Eles notaram cavidades que não combinavam com nenhuma anatomia humana previamente conhecida. Então, relataram a descoberta ao patologista Neil Theise, da Universidade de Nova York. Os pesquisadores perceberam que os métodos tradicionais para examinar os tecidos do corpo tinham perdido a identificação do interstício, porque o método de “fixação” para a montagem de lâminas de microscópio médico envolve a drenagem de fluido – destruindo, portanto, a estrutura do órgão.

Em vez de sua verdadeira identidade como absorvedores de choque em todo o corpo, cheios de fluido, as células esmagadas foram negligenciadas e consideradas uma simples camada de tecido conjuntivo. Tendo chegado a essa conclusão, os cientistas perceberam que essa estrutura foi encontrada não apenas no ducto biliar, mas em torno de muitos órgãos internos cruciais.

Depois de fazer vários testes, Neil Theise, coautor do estudo, se deu conta de que o processo convencional de fixação de amostras de tecidos em placas drenava o fluído presente na estrutura. Normalmente, os cientistas tratam as amostras com produtos químicos, as cortam em uma camada muito fina e aplicam tinta para realçar suas características chave. Porém, esse procedimento faz colapsar a rede de compartimentos, antes cheios de líquidos. É como se os pisos de um edifício desmoronassem.

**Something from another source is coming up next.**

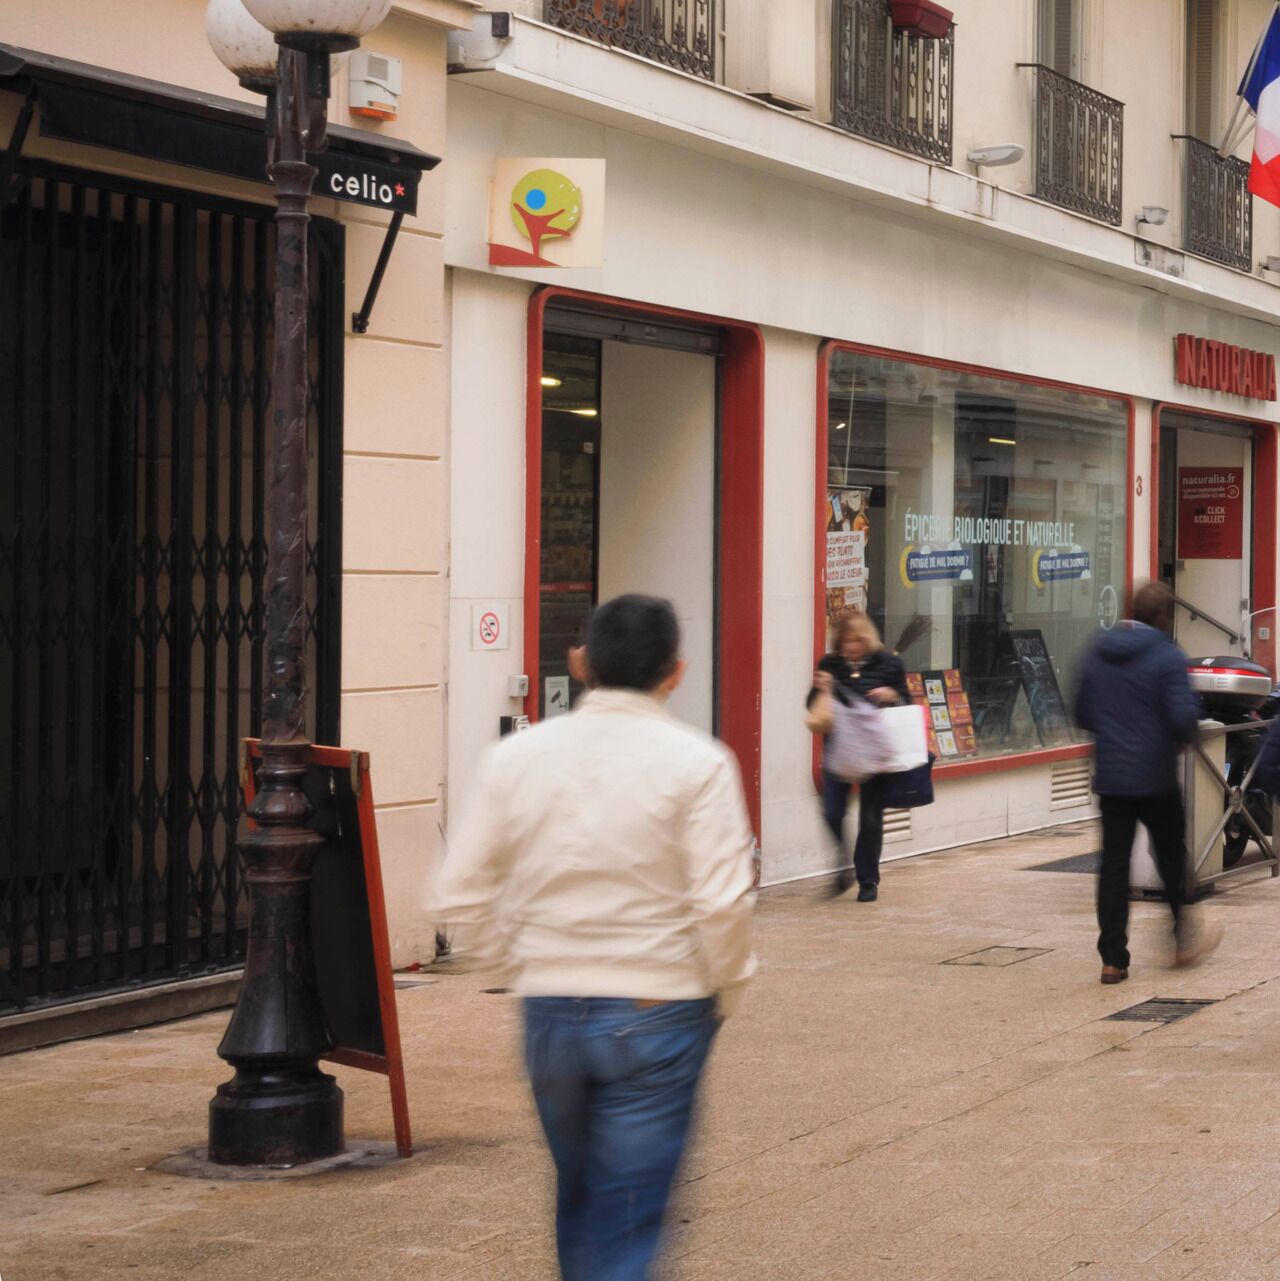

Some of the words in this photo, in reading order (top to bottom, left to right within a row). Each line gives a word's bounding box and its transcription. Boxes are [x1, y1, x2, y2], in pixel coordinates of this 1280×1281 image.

Por isso, “durante décadas, (a estrutura) pareceu como algo sólido nas placas de biópsia”, disse Theise, que faz parte do departamento de patologia da Universidade de Nova York.

Ao mudar a técnica de fazer a biópsia, sua equipe conseguiu preservar a anatomia da estrutura, “demonstrando que ela forma parte da submucosa e que é um espaço intersticial cheio de fluído não observado anteriormente”. Assim, foram identificadas “tiras largas e escuras ramificadas, rodeadas de espaços grandes e poligonais cheios de fluoresceína”, descreve o estudo.

“Esse artefato de fixação do colapso fez com que um tipo de tecido cheio de fluido em todo o corpo parecesse sólido em lâminas de biópsia por décadas, e nossos resultados corrigem isso para expandir a anatomia da maioria dos tecidos”, disse o Dr. Theise.

Função

Até agora a ciência não estudou profundamente o fluxo nem o volume do fluído intersticial do corpo humano. Por enquanto, a identificação desse “espaço intersticial” levanta várias hipóteses.

Os especialistas acreditam que essa rede de espaços interconectados, forte e elástica, pode atuar como um amortecedor para evitar que os tecidos do corpo se rasguem com o funcionamento diário – que faz com que os órgãos, músculos e vasos sanguíneos se contraiam e se expandam constantemente.

Além de sua capacidade de amortecer os órgãos do corpo e protegê-los de danos, os pesquisadores encontraram evidências de que as células cancerígenas dos tumores poderiam atravessar o interstício no sistema linfático. Ao fornecer uma estrada para que o fluido se mova pelo corpo, as células interconectadas do interstício podem, portanto, ter o efeito colateral de espalhar o câncer pelo corpo.

Novos testes para o câncer 

Compreender essa fronteira recém-descoberta na anatomia humana poderia permitir aos cientistas desenvolver novos testes para o câncer. “Esta descoberta tem potencial para impulsionar avanços significativos na medicina, incluindo a possibilidade de que a amostragem direta do fluido intersticial possa se tornar uma poderosa ferramenta de diagnóstico”, disse o Dr. Theise.

 

* Com informações dos jornais britânicos Independent e BBC. Edição do Setor Saúde.